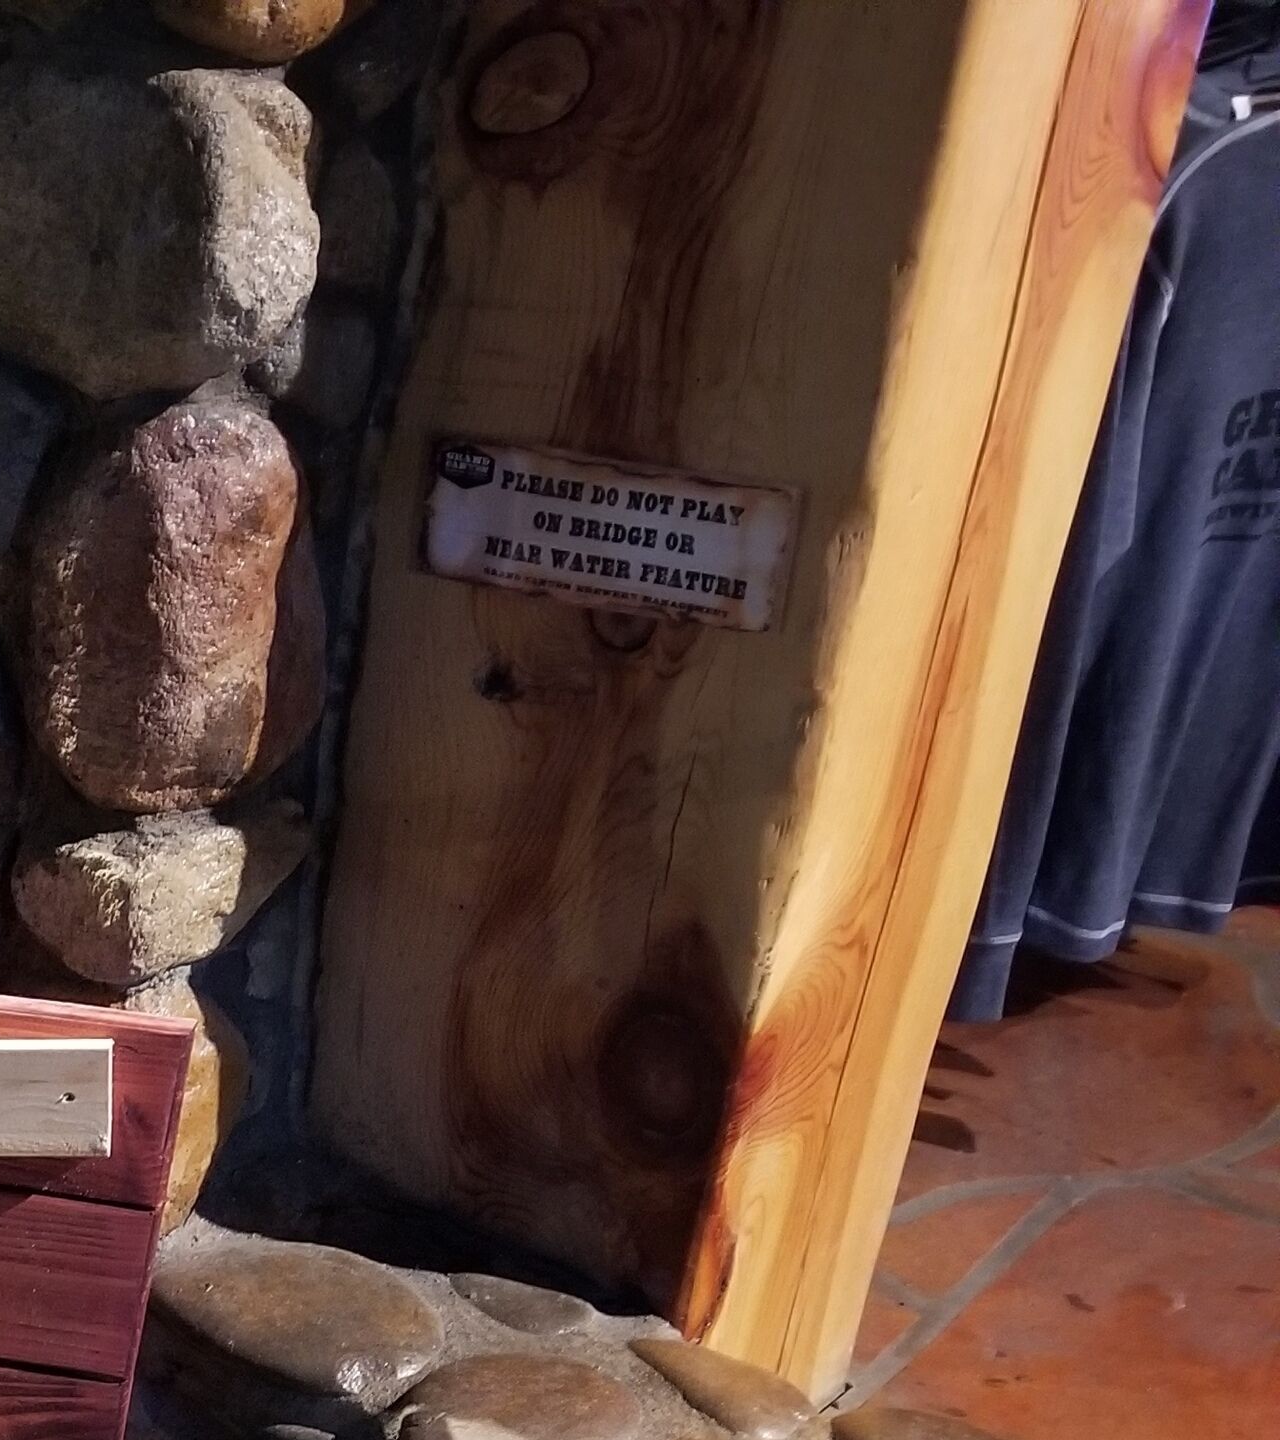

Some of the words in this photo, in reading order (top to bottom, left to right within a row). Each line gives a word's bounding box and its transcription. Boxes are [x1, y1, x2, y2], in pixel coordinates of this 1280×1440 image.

[501, 470, 586, 502] PLEASE
[591, 484, 620, 508] DO
[627, 490, 675, 518] NOT
[680, 497, 746, 527] PLAY
[533, 510, 562, 534] ON
[569, 516, 659, 549] BRIDGE
[665, 532, 696, 556] OR
[484, 535, 542, 566] NEAR
[550, 547, 632, 580] WATER
[639, 562, 748, 601] FEATURE
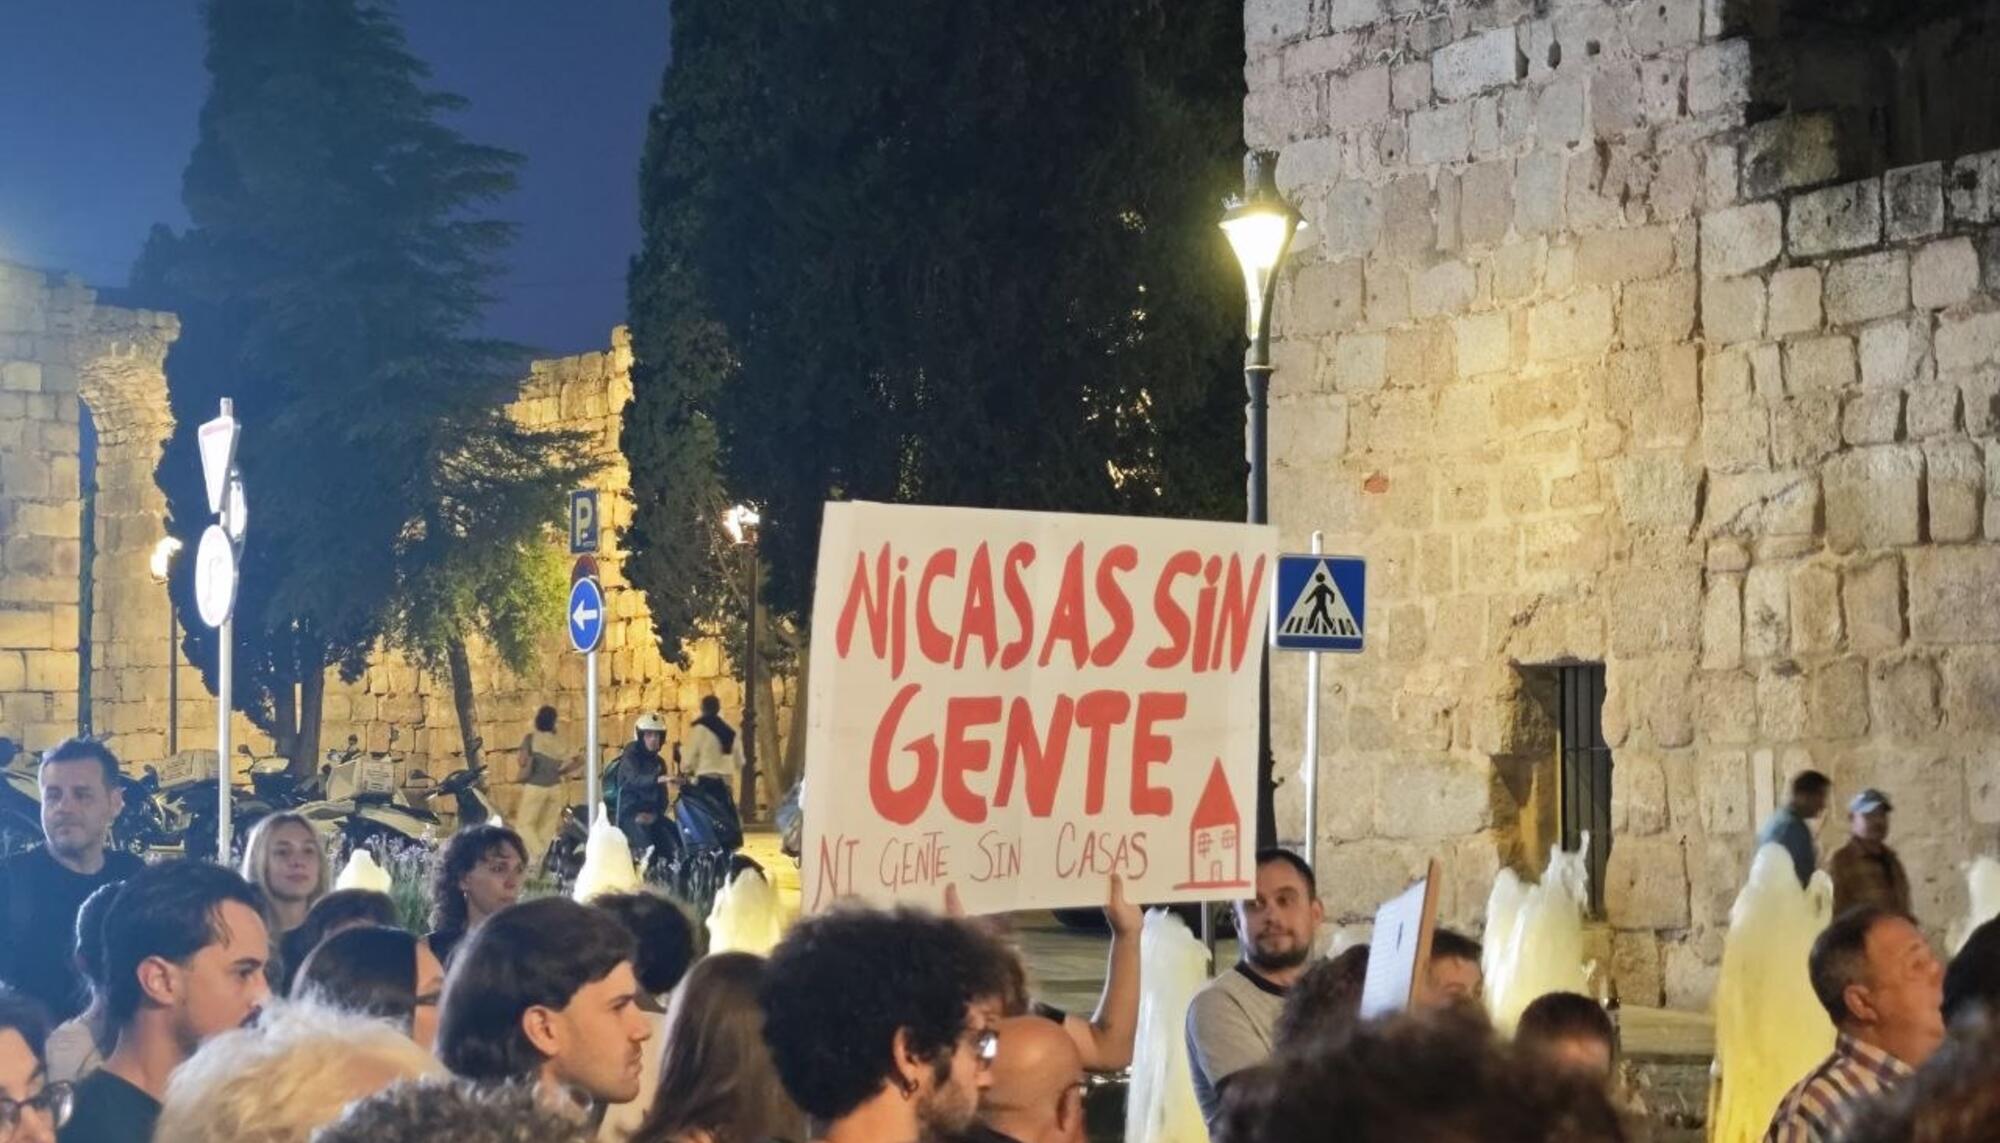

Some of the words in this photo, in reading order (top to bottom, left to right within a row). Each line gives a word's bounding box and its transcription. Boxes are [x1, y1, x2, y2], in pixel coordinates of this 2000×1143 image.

[576, 497, 593, 546] P
[916, 540, 1138, 671] CASAS
[868, 683, 1187, 825] GENTE
[811, 834, 860, 912] NI
[879, 830, 950, 893] GENTE
[969, 829, 1022, 882] SIN
[1056, 821, 1149, 880] CASAS
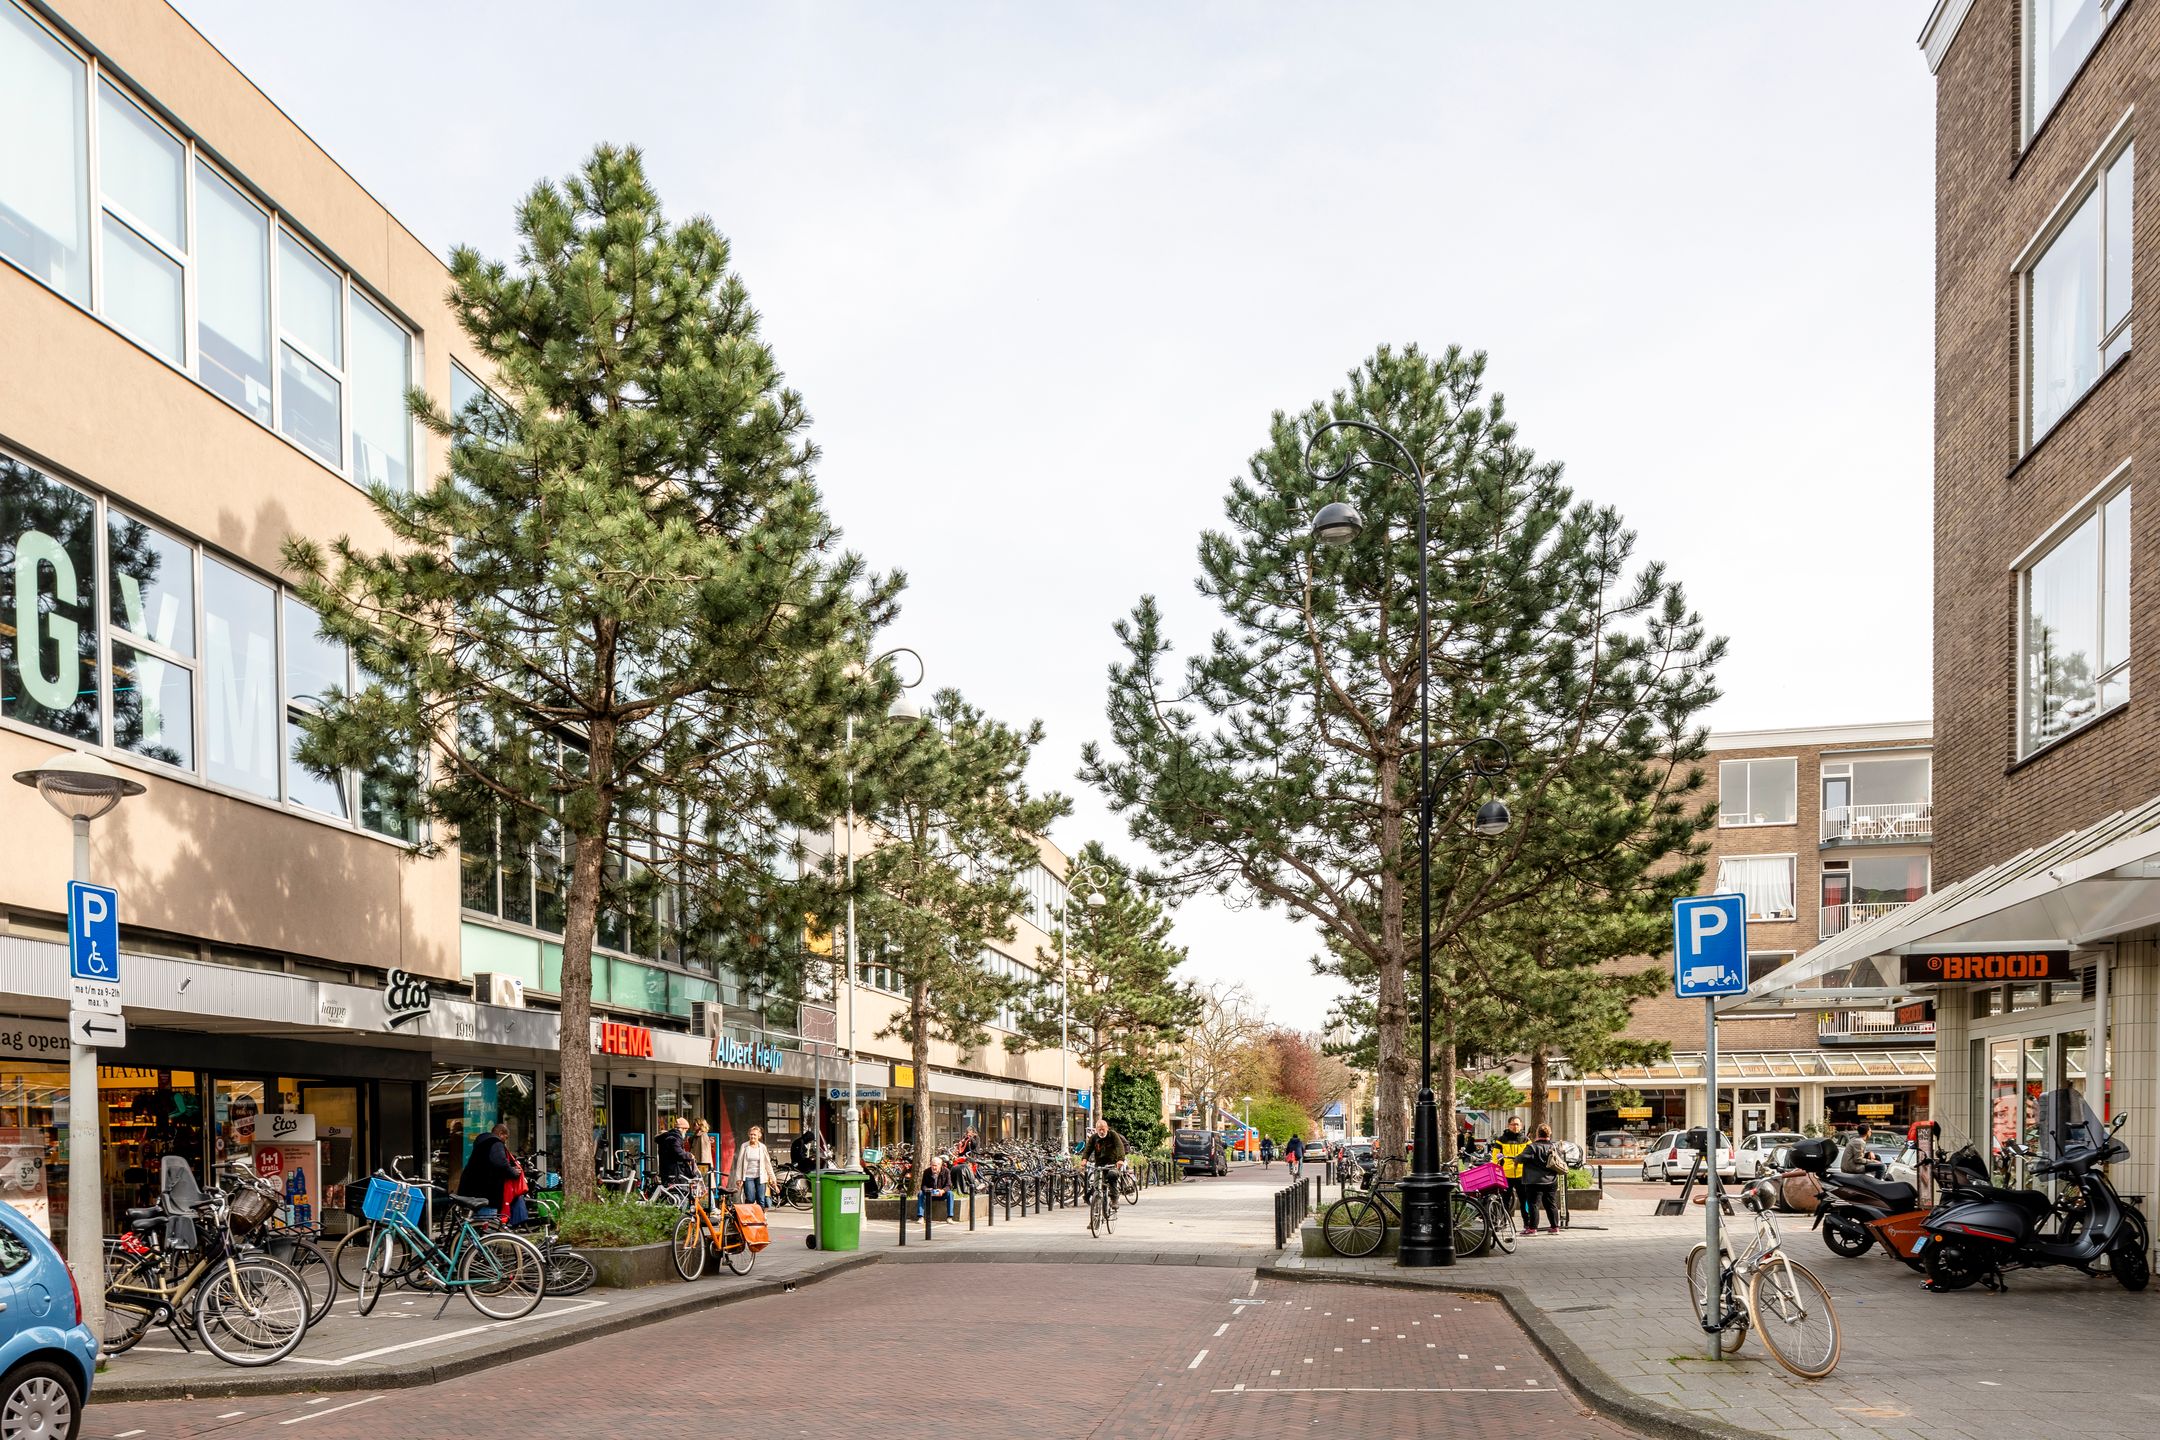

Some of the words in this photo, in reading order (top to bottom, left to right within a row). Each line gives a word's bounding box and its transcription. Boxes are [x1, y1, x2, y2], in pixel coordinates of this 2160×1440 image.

[15, 530, 272, 780] GYM
[83, 892, 107, 937] P
[1690, 905, 1728, 955] P
[1943, 954, 2048, 979] BROOD
[75, 985, 84, 993] ma
[387, 968, 431, 1010] Etos
[321, 1001, 347, 1018] happy
[1900, 1002, 1922, 1025] BROOD
[456, 1022, 474, 1038] 1919
[603, 1022, 653, 1057] HEMA
[28, 1034, 71, 1052] open
[716, 1036, 753, 1065] Albert
[756, 1042, 783, 1073] Heijn
[1081, 1095, 1087, 1104] P
[272, 1115, 297, 1132] Etos
[260, 1152, 280, 1165] 1+1
[261, 1164, 280, 1172] gratis
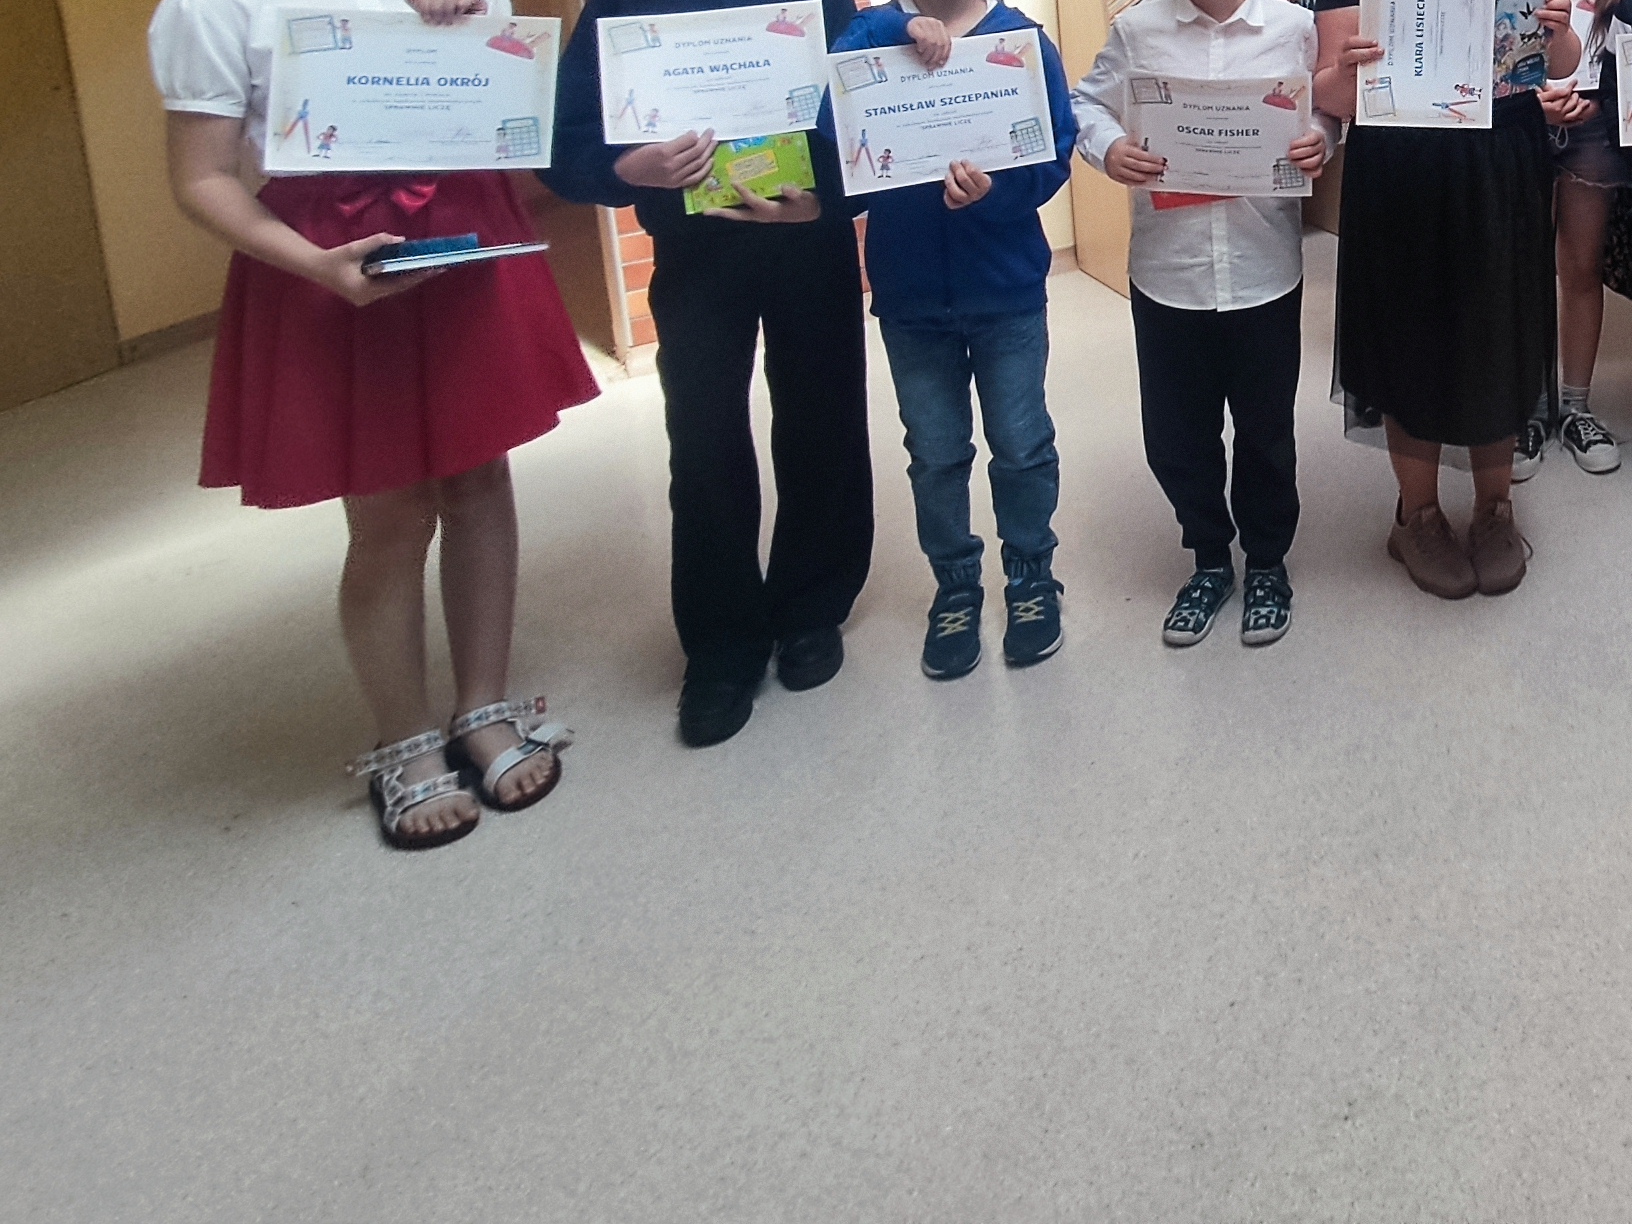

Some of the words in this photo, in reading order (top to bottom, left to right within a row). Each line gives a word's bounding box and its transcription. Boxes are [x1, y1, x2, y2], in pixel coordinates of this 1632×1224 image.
• • • •
Task brief: Could you transcribe every entry exactly, leaving out the pictures?

Result of this exercise:
Some of the words in this photo, in reading order (top to bottom, left to right within a row). Each line gives a word's bounding box and its transcription. Boxes are [x1, y1, x2, y2], in pixel coordinates of this 1280×1440 image.

[501, 470, 586, 502] PLEASE
[591, 484, 620, 508] DO
[627, 490, 675, 518] NOT
[680, 497, 746, 527] PLAY
[533, 510, 562, 534] ON
[569, 516, 659, 549] BRIDGE
[665, 532, 696, 556] OR
[484, 535, 542, 566] NEAR
[550, 547, 632, 580] WATER
[639, 562, 748, 601] FEATURE

Some of the words in this photo, in reading order (top to bottom, left to right within a row). Each line gives a word's bounding box and its transcription. Boxes are [x1, y1, x2, y2], in pixel coordinates of this 2000×1143 image.

[576, 497, 593, 546] P
[916, 540, 1138, 671] CASAS
[868, 683, 1187, 825] GENTE
[811, 834, 860, 912] NI
[879, 830, 950, 893] GENTE
[969, 829, 1022, 882] SIN
[1056, 821, 1149, 880] CASAS

Some of the words in this photo, in reading order (top to bottom, left to right within a row). Each line gives a word's bounding box and its transcription. Boxes are [x1, y1, x2, y2], in pixel coordinates of this 2160×1440 image.

[15, 530, 272, 780] GYM
[83, 892, 107, 937] P
[1690, 905, 1728, 955] P
[1943, 954, 2048, 979] BROOD
[75, 985, 84, 993] ma
[387, 968, 431, 1010] Etos
[321, 1001, 347, 1018] happy
[1900, 1002, 1922, 1025] BROOD
[456, 1022, 474, 1038] 1919
[603, 1022, 653, 1057] HEMA
[28, 1034, 71, 1052] open
[716, 1036, 753, 1065] Albert
[756, 1042, 783, 1073] Heijn
[1081, 1095, 1087, 1104] P
[272, 1115, 297, 1132] Etos
[260, 1152, 280, 1165] 1+1
[261, 1164, 280, 1172] gratis

Some of the words in this photo, in reading order (top to bottom, left to right within a row). Each line gives a word's bounding box and its transcription. Boxes are [x1, y1, x2, y2], in pixel coordinates of this 1632×1224 image.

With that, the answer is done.